(Dataset entries)
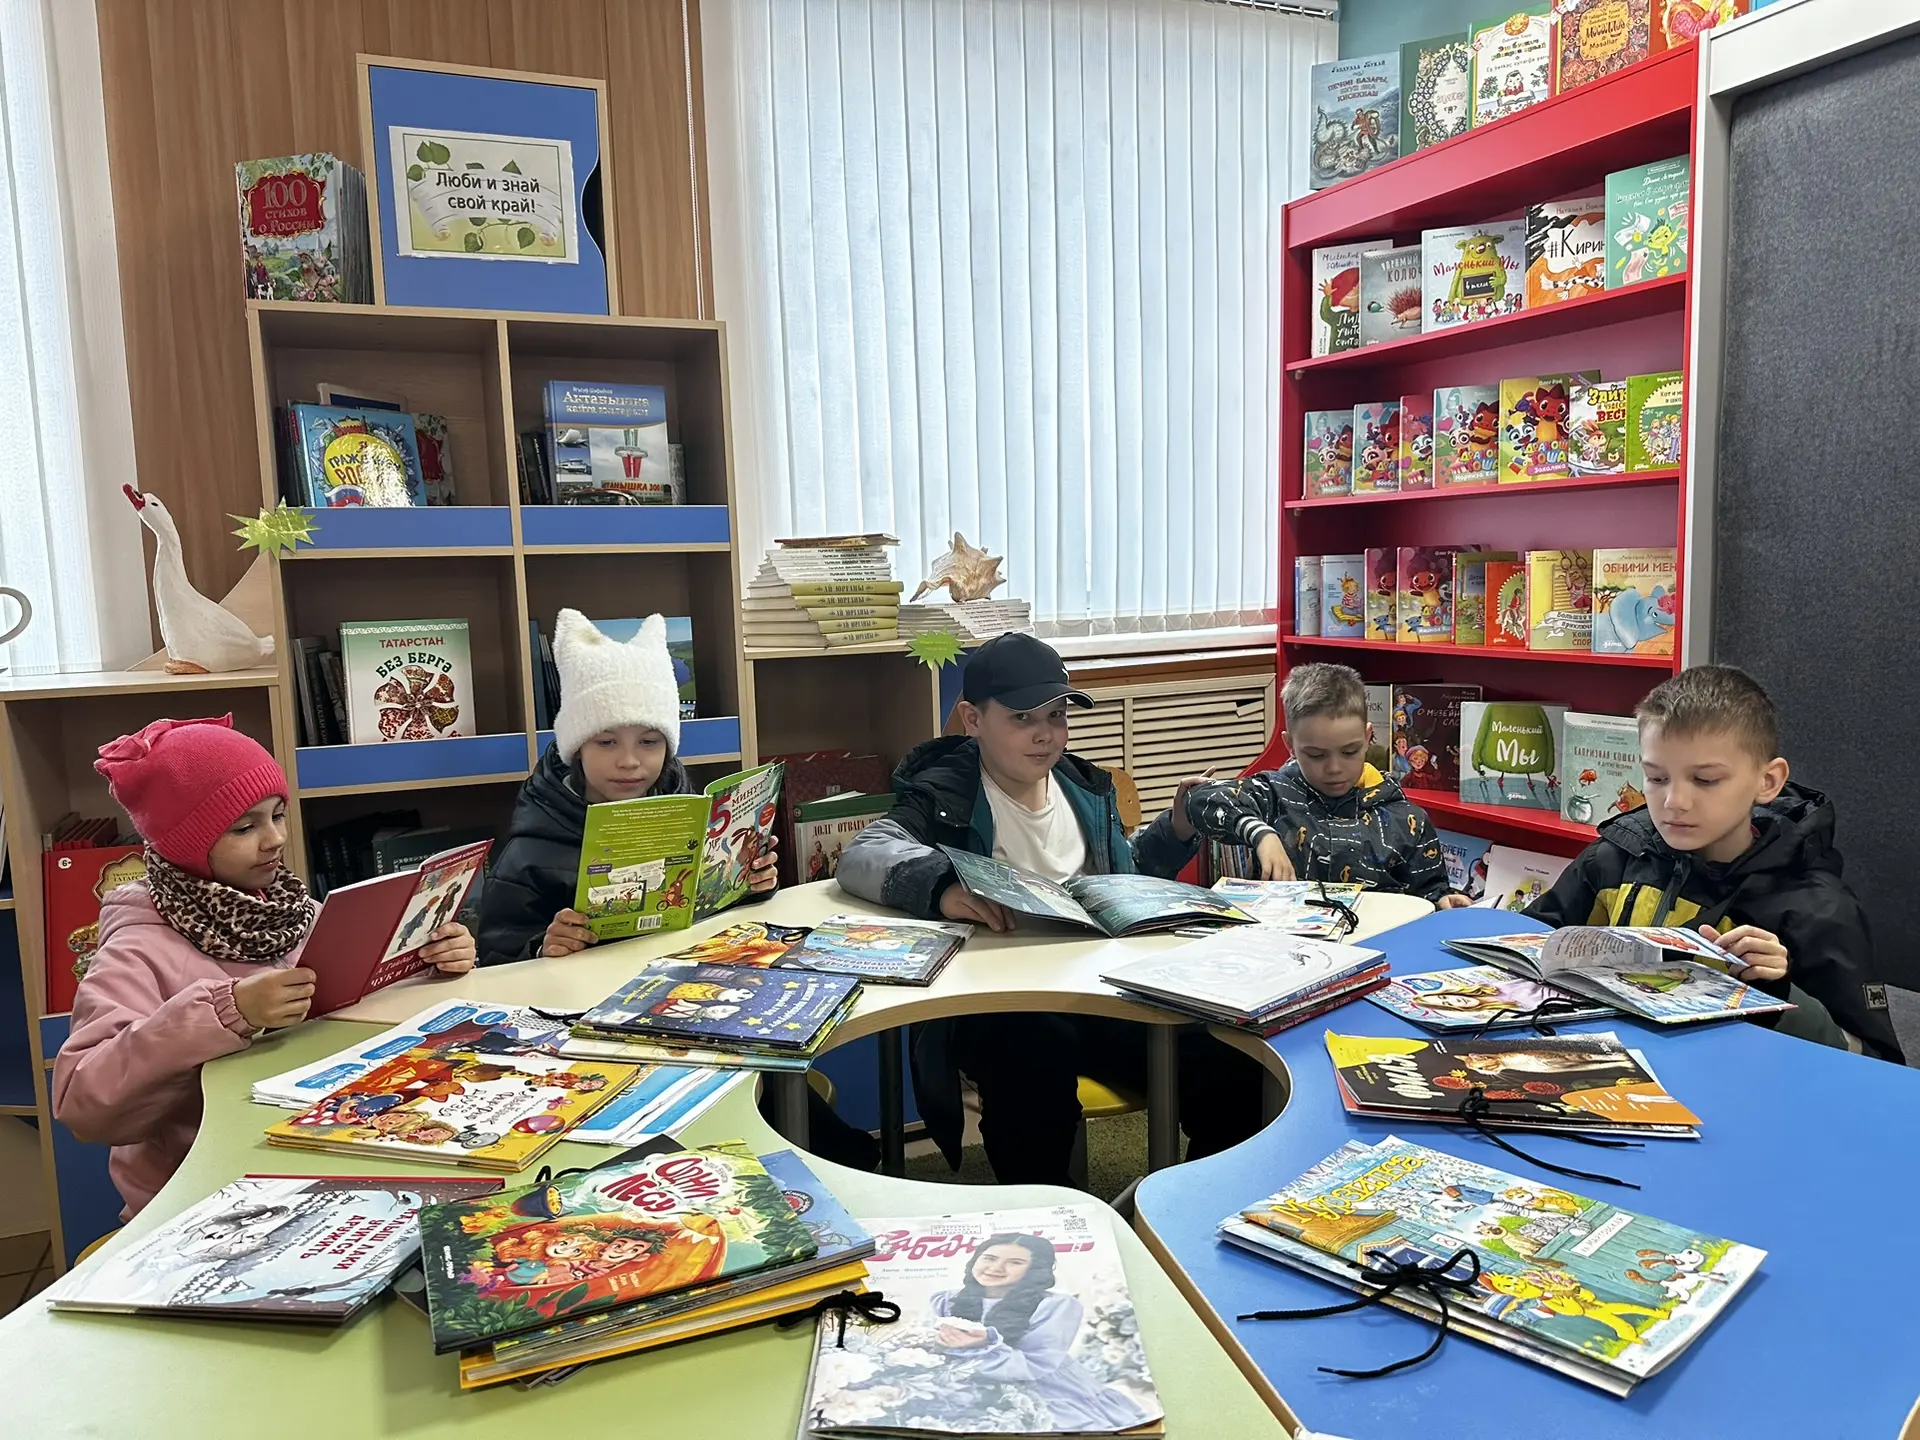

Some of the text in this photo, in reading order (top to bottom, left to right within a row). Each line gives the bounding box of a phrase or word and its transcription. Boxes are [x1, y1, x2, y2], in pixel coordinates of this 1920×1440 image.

[259, 179, 308, 209] 100
[435, 171, 541, 194] Люби и знай
[447, 194, 537, 215] свой край!
[1433, 254, 1521, 277] Маленький Мы
[601, 481, 648, 492] КТАНЫШКА
[1602, 562, 1650, 573] ОБНИМИ
[378, 636, 444, 649] ТАТАРСТАН
[375, 652, 453, 679] БЕЗ БЕРГӘ
[1491, 720, 1544, 735] Маленький
[1496, 738, 1540, 767] Мы
[709, 792, 732, 839] 5
[731, 780, 765, 807] МИНУТ
[812, 823, 833, 838] ДОЛГ
[837, 819, 865, 833] ОТВАГА
[61, 860, 72, 868] 6+
[370, 971, 395, 987] ЧУК
[599, 1172, 678, 1213] ЛЕСУ
[1268, 1153, 1426, 1224] Мурзилка
[299, 1214, 368, 1261] ДРУЖИТЬ
[327, 1219, 386, 1257] УЧИТСЯ
[332, 1243, 376, 1270] ЛАКИ
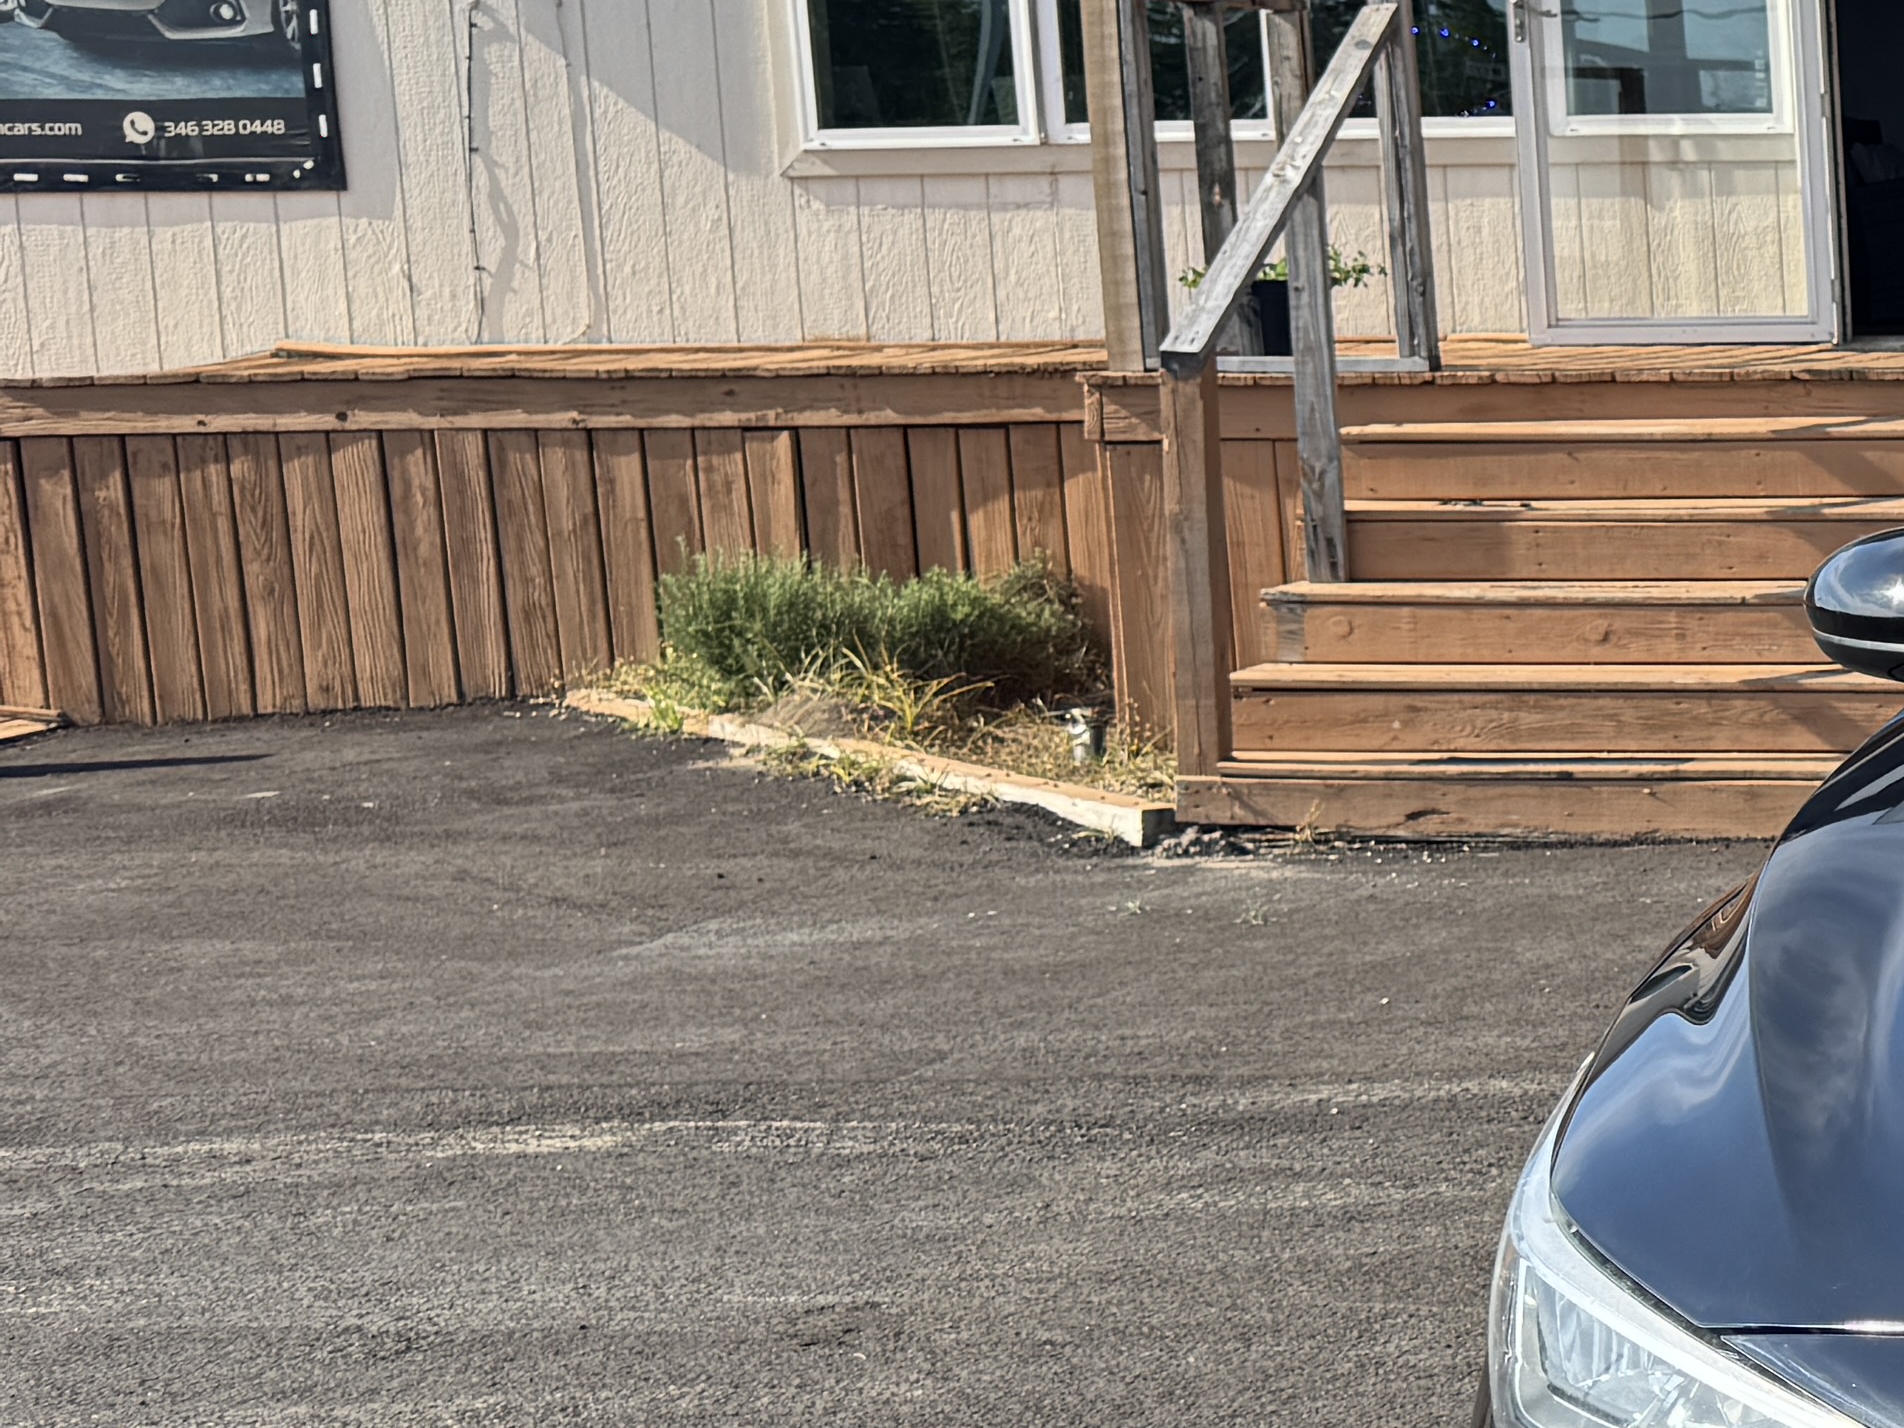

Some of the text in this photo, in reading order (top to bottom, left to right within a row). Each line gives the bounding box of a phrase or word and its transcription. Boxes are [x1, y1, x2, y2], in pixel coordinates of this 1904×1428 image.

[163, 119, 286, 137] 346 328 0448
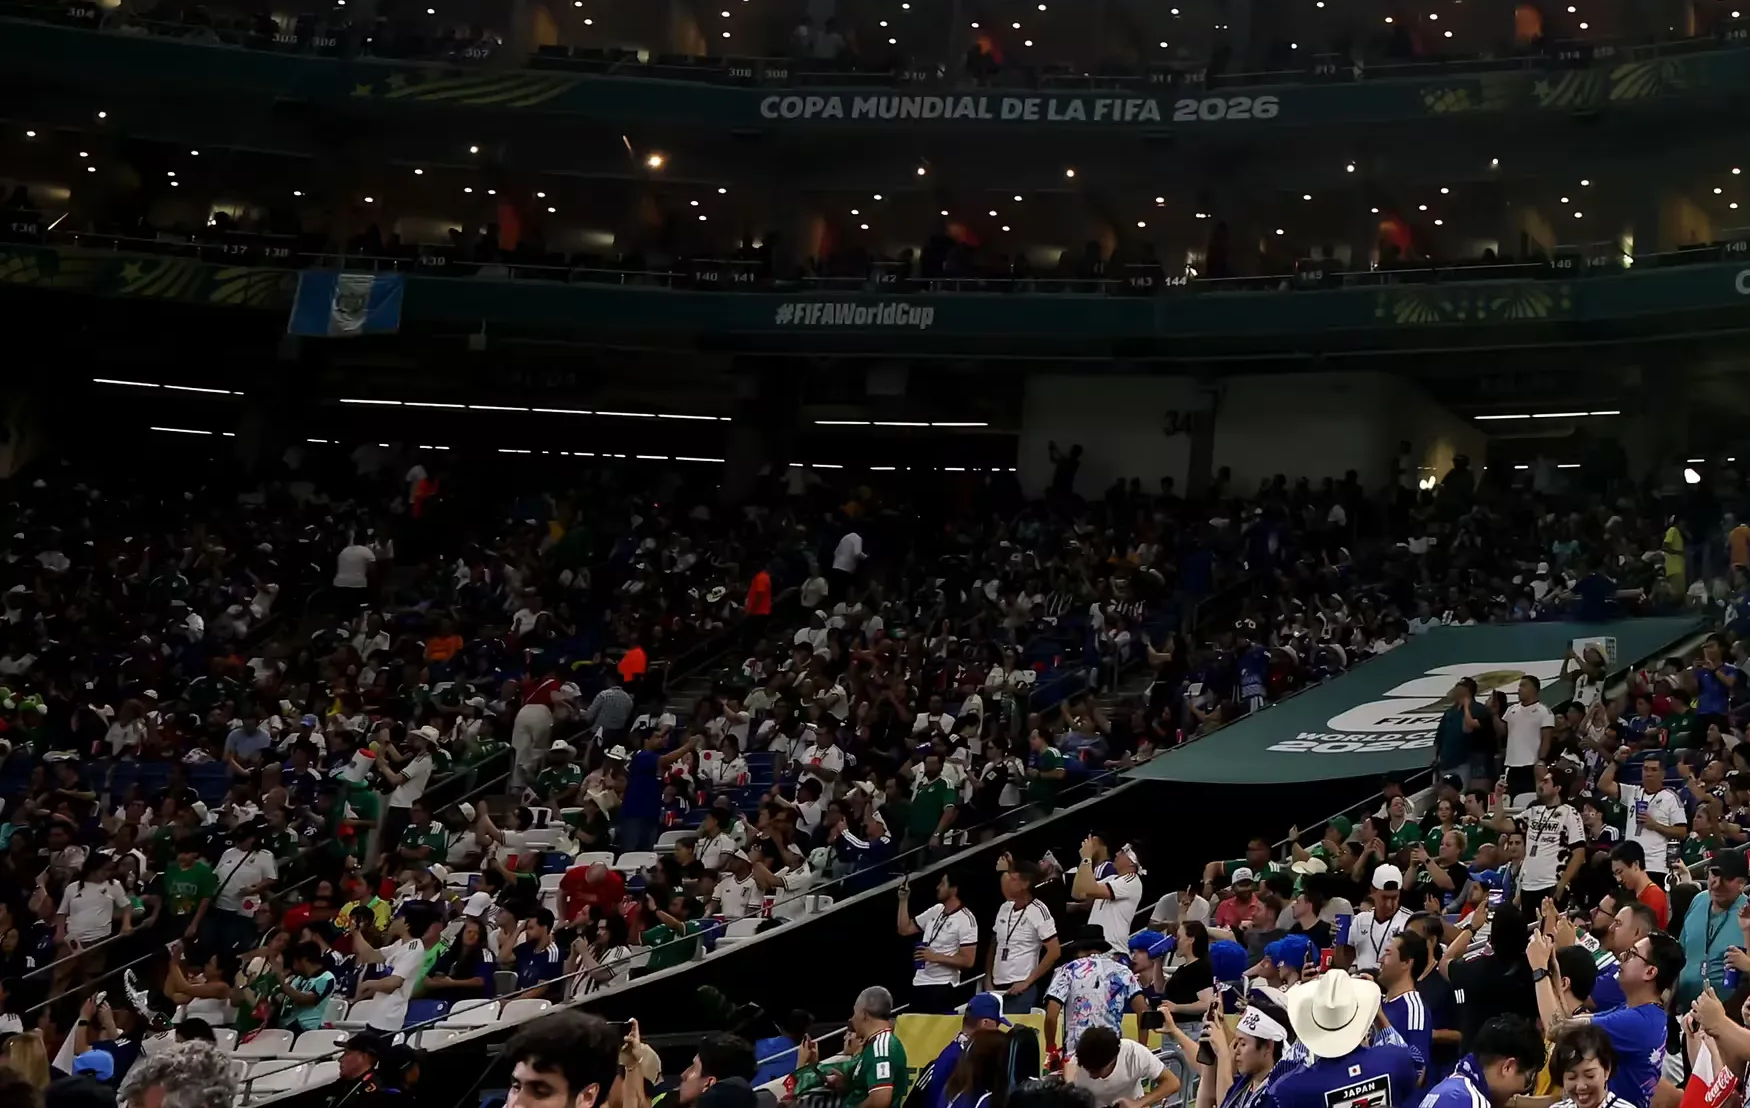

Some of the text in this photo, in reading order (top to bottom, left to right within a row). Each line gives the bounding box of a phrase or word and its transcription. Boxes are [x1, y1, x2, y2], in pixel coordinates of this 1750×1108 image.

#### Problem statement:
Reproduce the data above verbatim, minus any images.

#### Output of the exercise:
Some of the text in this photo, in reading order (top to bottom, left to right within a row). Each line gives the bounding box of a phrase or word and its transcription. Boxes are [x1, y1, x2, y2], in pixel coordinates of this 1920×1440 image.

[259, 179, 308, 209] 100
[435, 171, 541, 194] Люби и знай
[447, 194, 537, 215] свой край!
[1433, 254, 1521, 277] Маленький Мы
[601, 481, 648, 492] КТАНЫШКА
[1602, 562, 1650, 573] ОБНИМИ
[378, 636, 444, 649] ТАТАРСТАН
[375, 652, 453, 679] БЕЗ БЕРГӘ
[1491, 720, 1544, 735] Маленький
[1496, 738, 1540, 767] Мы
[709, 792, 732, 839] 5
[731, 780, 765, 807] МИНУТ
[812, 823, 833, 838] ДОЛГ
[837, 819, 865, 833] ОТВАГА
[61, 860, 72, 868] 6+
[370, 971, 395, 987] ЧУК
[599, 1172, 678, 1213] ЛЕСУ
[1268, 1153, 1426, 1224] Мурзилка
[299, 1214, 368, 1261] ДРУЖИТЬ
[327, 1219, 386, 1257] УЧИТСЯ
[332, 1243, 376, 1270] ЛАКИ

Some of the text in this photo, in reading order (top to bottom, left to right within a row). Each line gives the bounding box of a phrase or word and its transcription. Boxes are [x1, y1, x2, y2], in pixel coordinates of this 1904×1428 image.

[163, 119, 286, 137] 346 328 0448

Some of the text in this photo, in reading order (top to bottom, left to right within a row). Each line gives the bounding box of a phrase or word and its transcription. Boxes are [x1, y1, x2, y2], in pixel coordinates of this 1750×1108 image.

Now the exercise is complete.